* _Problem statement_: Give back every line of the material below exactly, but no images.

* _Dataset extract_:
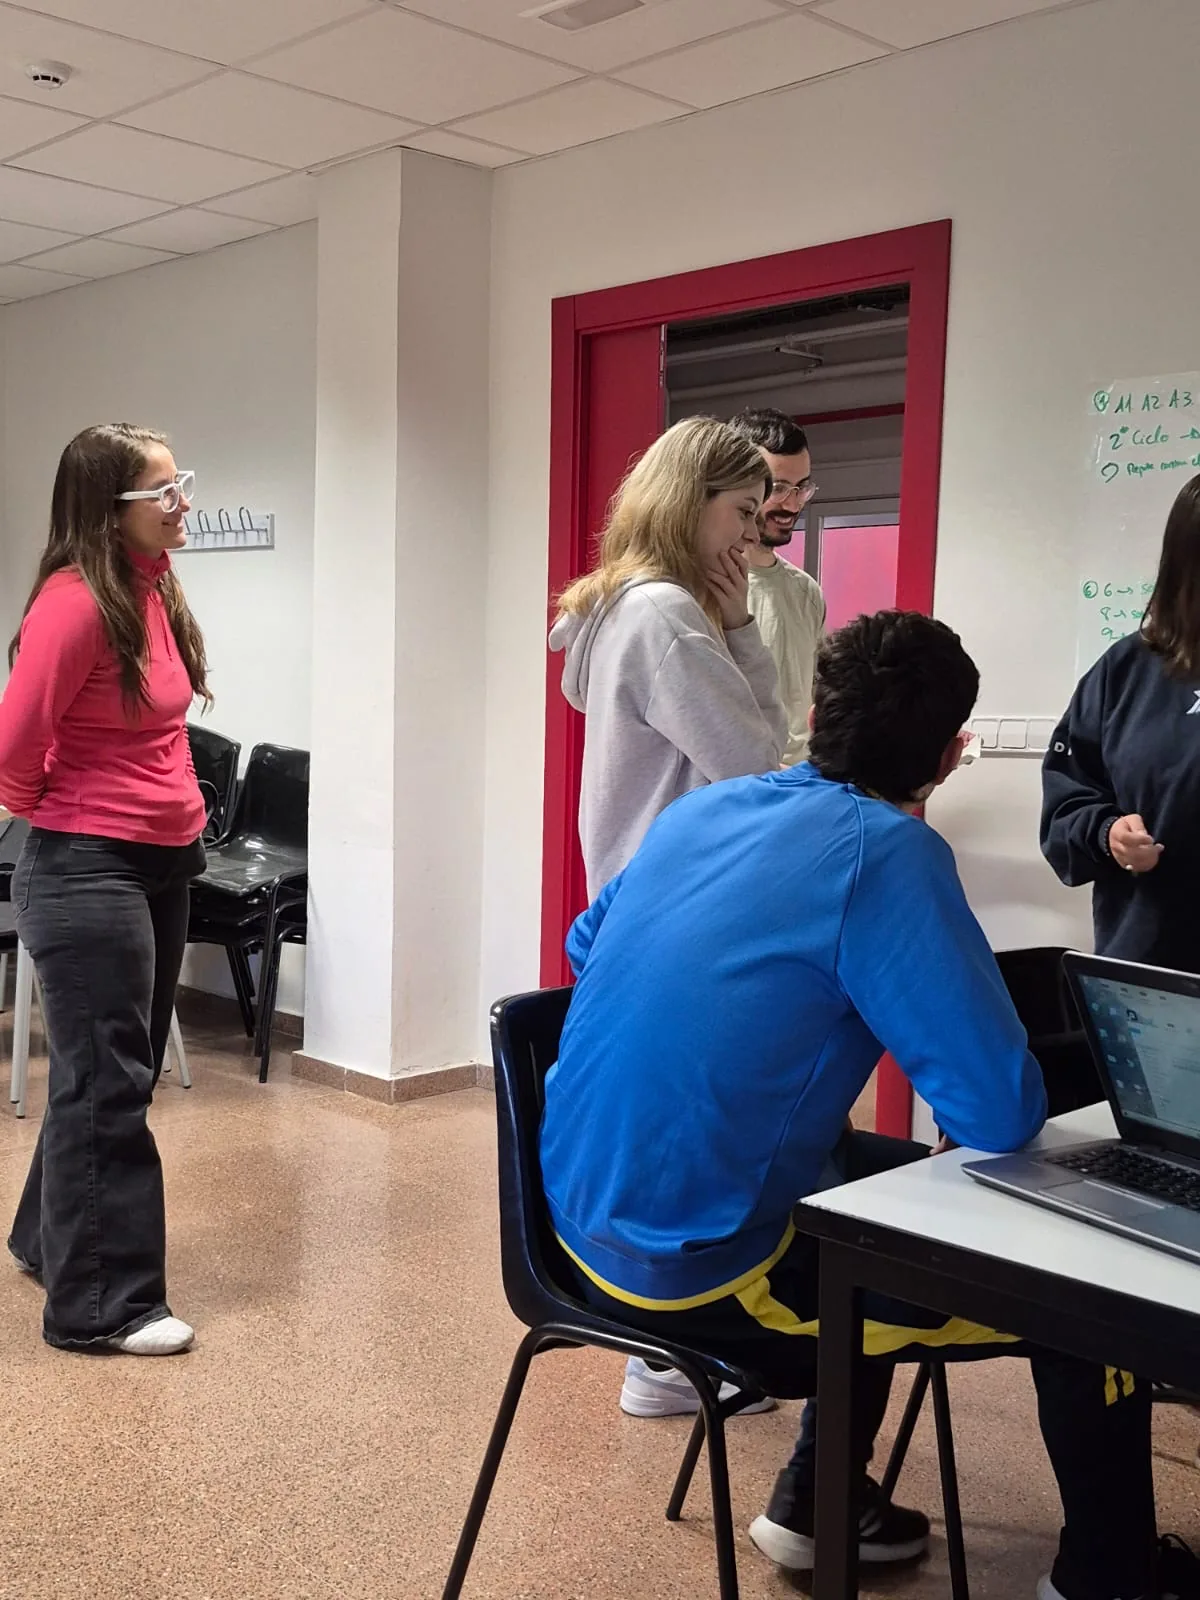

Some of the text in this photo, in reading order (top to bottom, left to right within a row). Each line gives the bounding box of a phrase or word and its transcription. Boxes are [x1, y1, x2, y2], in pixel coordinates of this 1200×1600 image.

[1142, 394, 1160, 411] A2
[1169, 389, 1194, 408] A3
[1132, 424, 1169, 445] Ciclo
[1103, 582, 1113, 597] 6
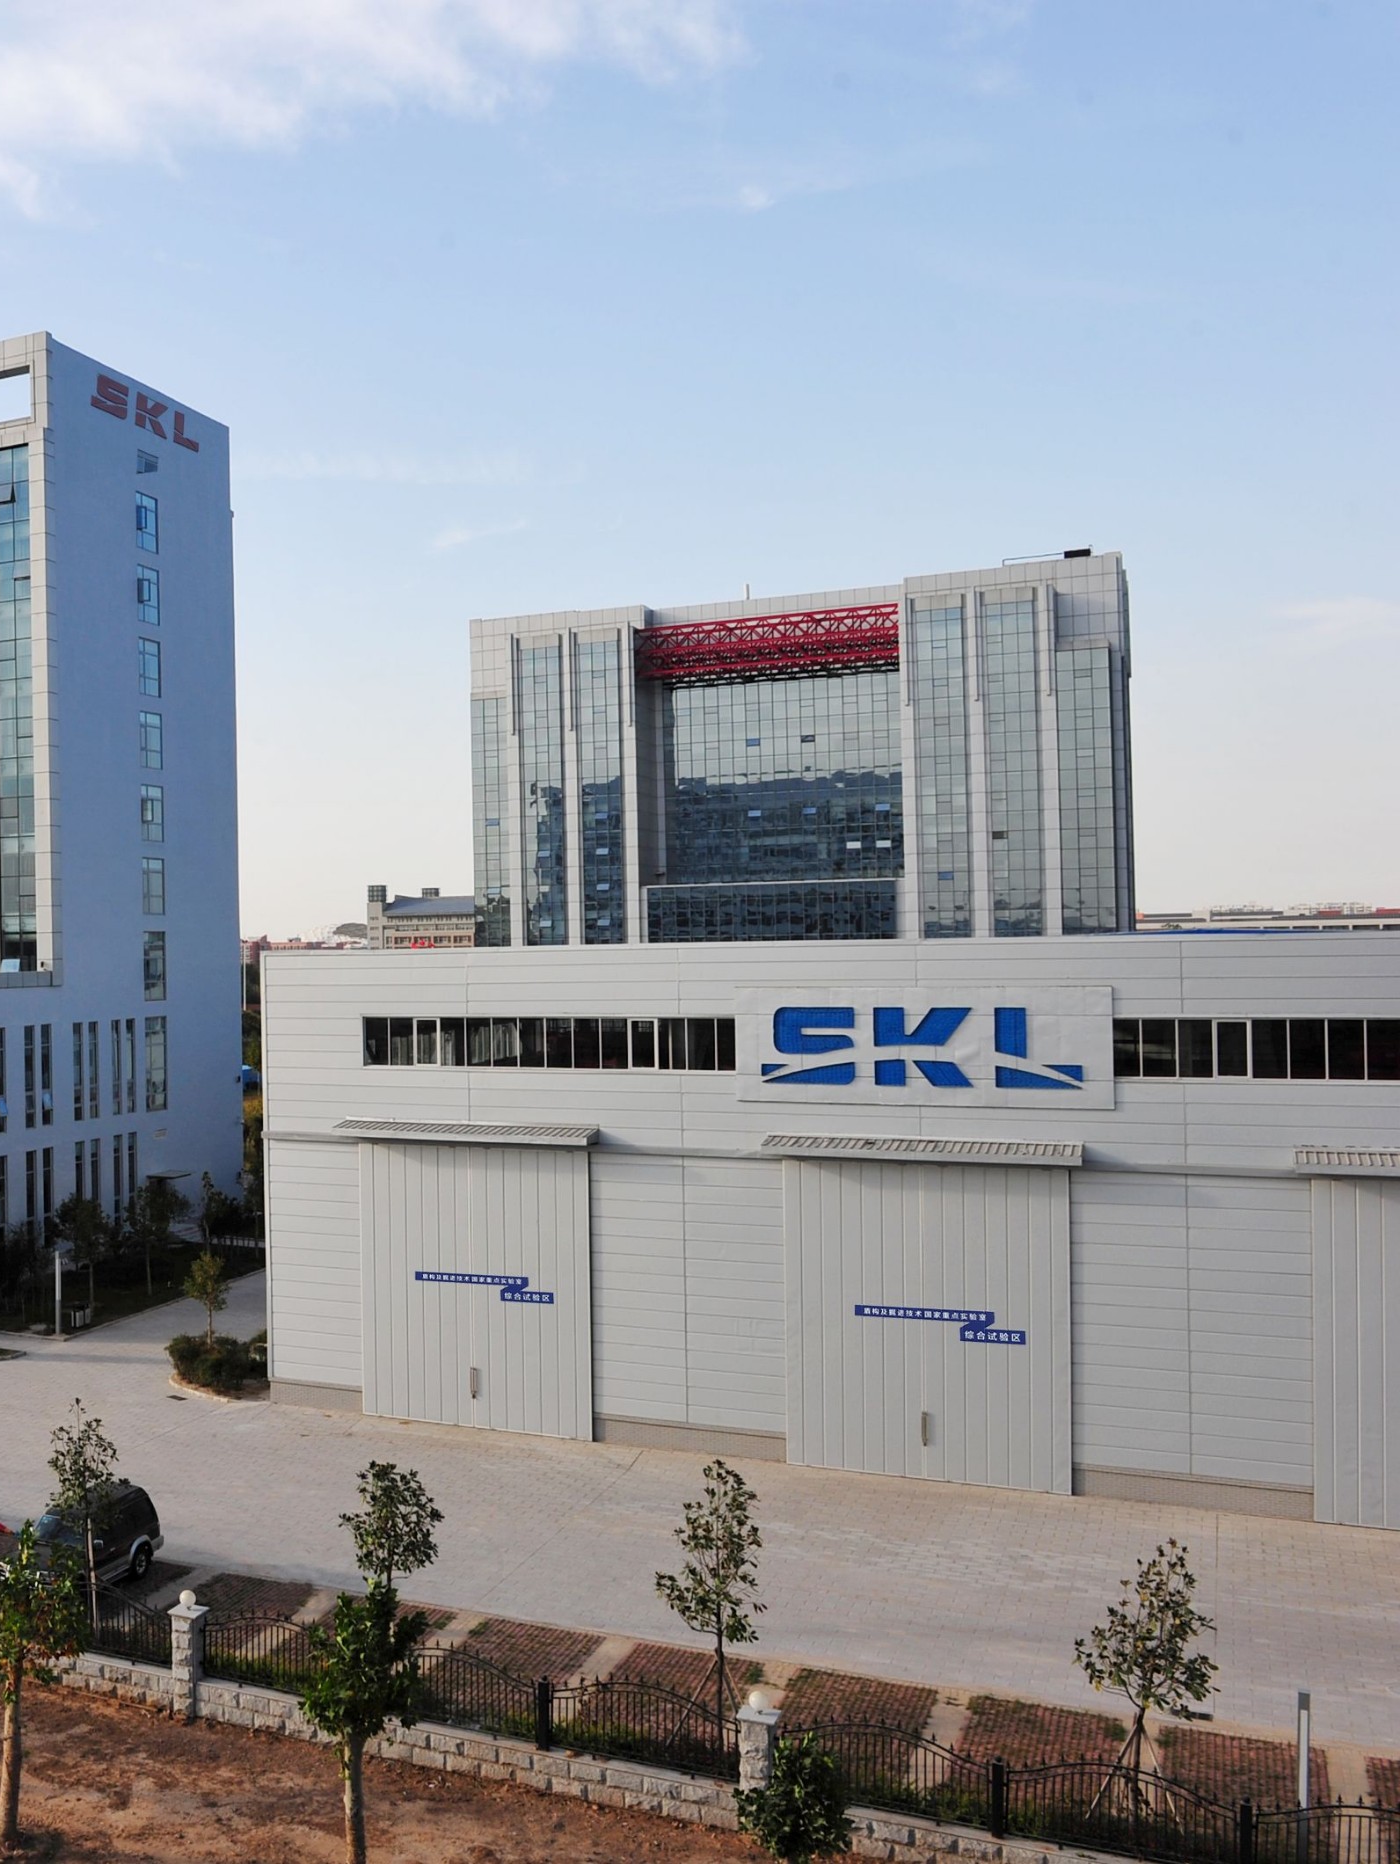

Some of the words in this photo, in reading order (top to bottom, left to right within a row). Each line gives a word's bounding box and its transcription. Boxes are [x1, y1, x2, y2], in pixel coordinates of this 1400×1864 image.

[91, 373, 199, 453] SKL
[761, 1006, 1083, 1089] SKL
[422, 1273, 522, 1285] 盾构及掘进技术国家重点实验室
[504, 1292, 550, 1302] 综合试验区
[863, 1307, 987, 1321] 盾构及掘进技术国家重点实验室
[964, 1330, 1021, 1342] 综合试验区

* _Reply_:
Some of the text in this photo, in reading order (top to bottom, left to right within a row). Each line gives the bounding box of a phrase or word and its transcription. Boxes are [x1, y1, x2, y2], in pixel coordinates of this 1200×1600 image.

[1142, 394, 1160, 411] A2
[1169, 389, 1194, 408] A3
[1132, 424, 1169, 445] Ciclo
[1103, 582, 1113, 597] 6

Some of the words in this photo, in reading order (top to bottom, left to right within a row). Each line gives a word's bounding box and its transcription. Boxes are [x1, y1, x2, y2], in pixel coordinates of this 1400×1864 image.

[91, 373, 199, 453] SKL
[761, 1006, 1083, 1089] SKL
[422, 1273, 522, 1285] 盾构及掘进技术国家重点实验室
[504, 1292, 550, 1302] 综合试验区
[863, 1307, 987, 1321] 盾构及掘进技术国家重点实验室
[964, 1330, 1021, 1342] 综合试验区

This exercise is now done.